Mid-century, mid century or midcentury?

8 replies

JemIsMyNameNooneElseIsTheSame · 06/06/2017 18:58

Preceding 'furniture'. I don't think there's a definitive answer for this, but which do you favour and why? Need to make a swift decision for branding for my new business. TIA!

OP posts:
Addley · 06/06/2017 19:01

Mid-century for me.

David Crystal is interesting on this, in Making A Point.

JemIsMyNameNooneElseIsTheSame · 06/06/2017 19:09

I'm thinking the same Addley, but visually 'midcentury' would work much better for my logo. Not sure if I can let the aesthetics win!

OP posts:
finnthepink · 06/06/2017 19:12

First or last.

Last option tends to be more US English but you could use it if you really wanted to.

Golondrina · 06/06/2017 19:15

I would say that if it precedes a noun then it would be hypenated: mid-century furniture. Because it's a compound adjective.

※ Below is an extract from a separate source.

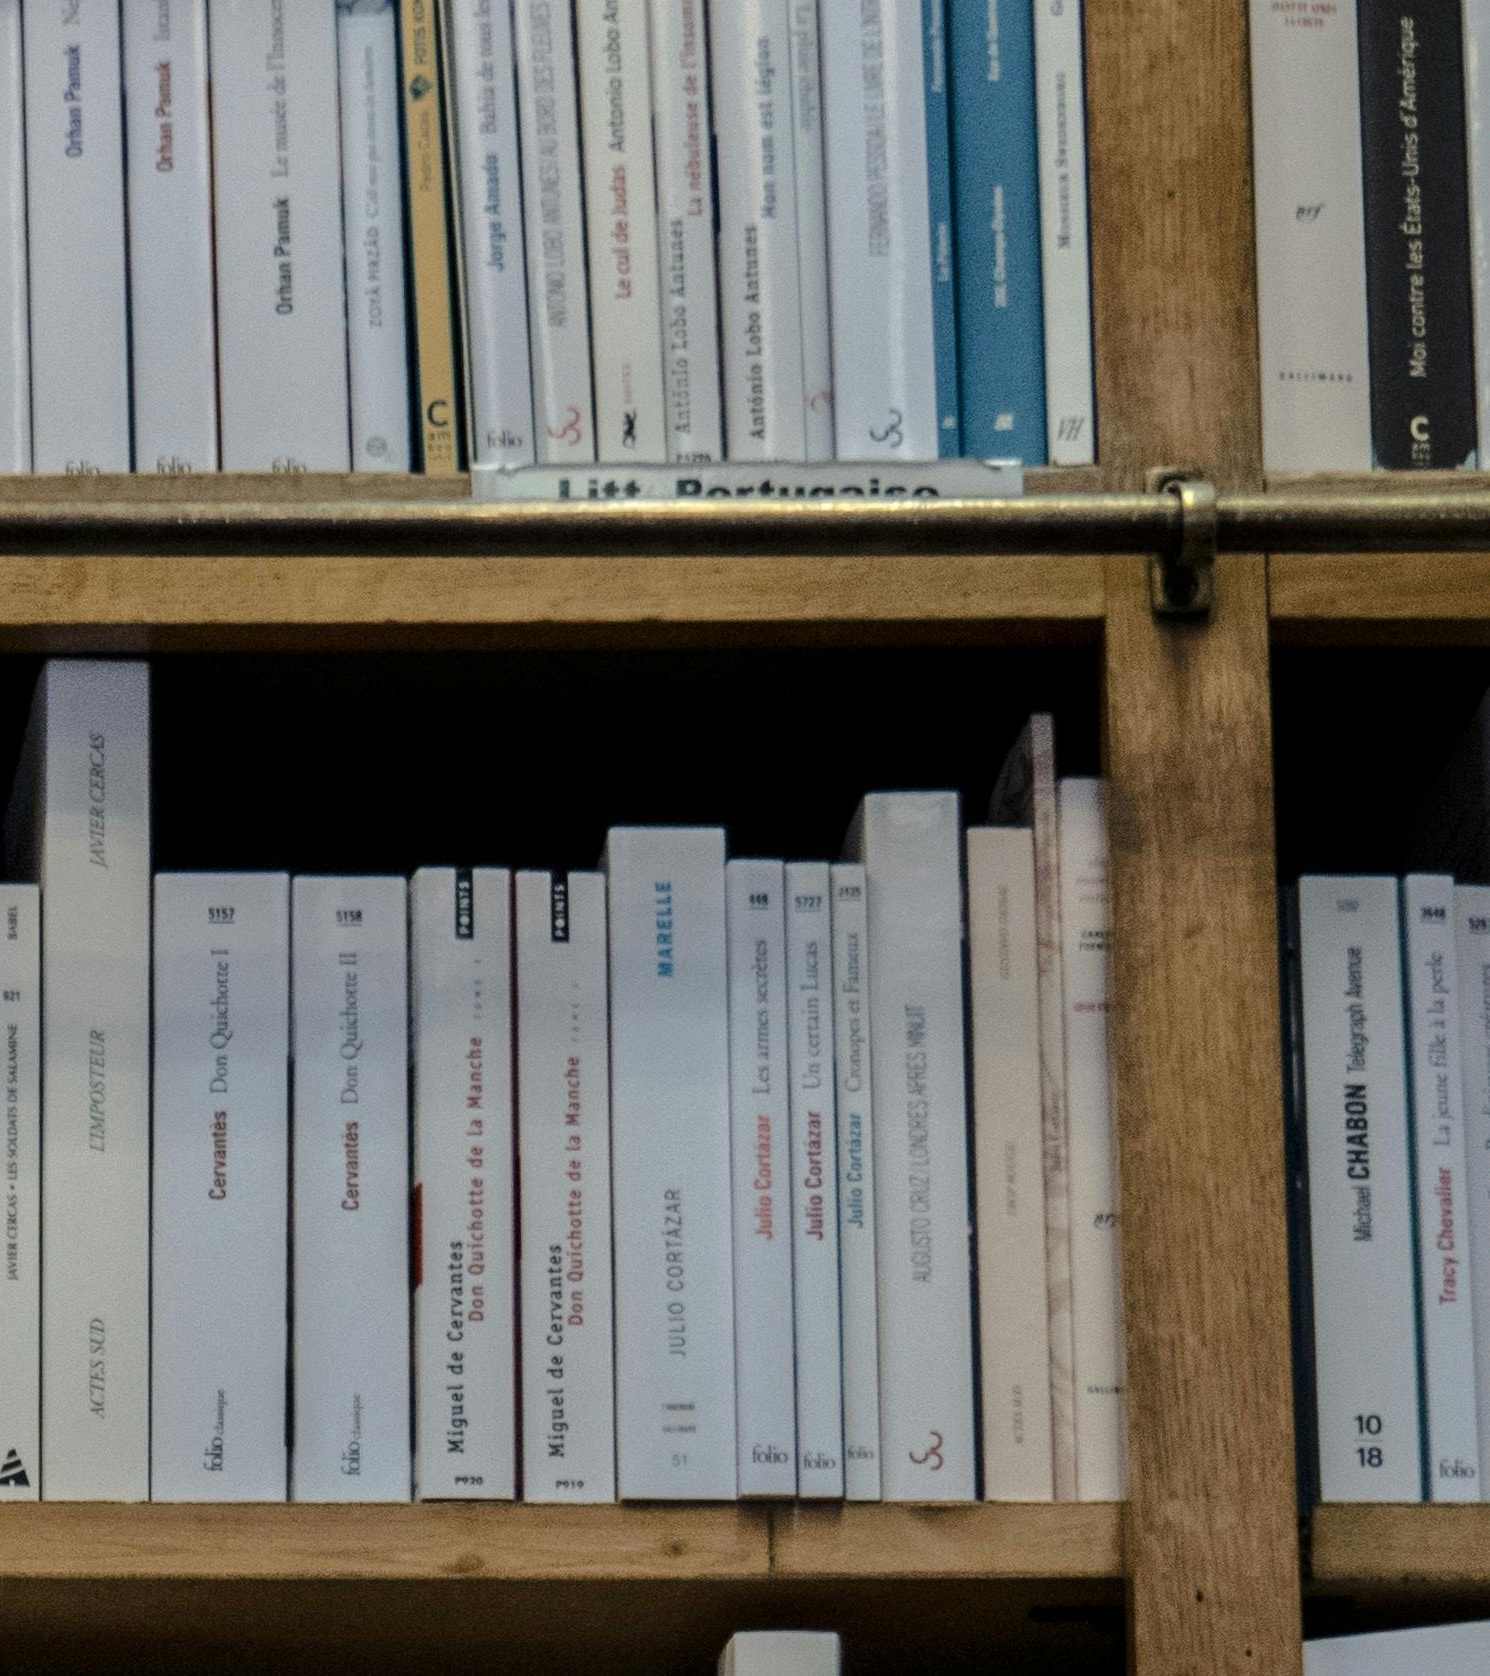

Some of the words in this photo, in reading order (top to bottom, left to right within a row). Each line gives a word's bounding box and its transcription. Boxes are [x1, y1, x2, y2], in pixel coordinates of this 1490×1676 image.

finnthepink · 06/06/2017 20:55

Yes, but there's an ongoing trend in the US towards no hyphen so it's not incorrect as such (not that I like it). Well, this is pedants' corner Grin

VintagePerfumista · 07/06/2017 17:51

It looks wrong in any case because hypens aside, surely you need to specify which century?

VintagePerfumista · 07/06/2017 17:51

hyphens even. Grin

finnthepink · 07/06/2017 20:08

It's the name of a specific style though, mid-century modern.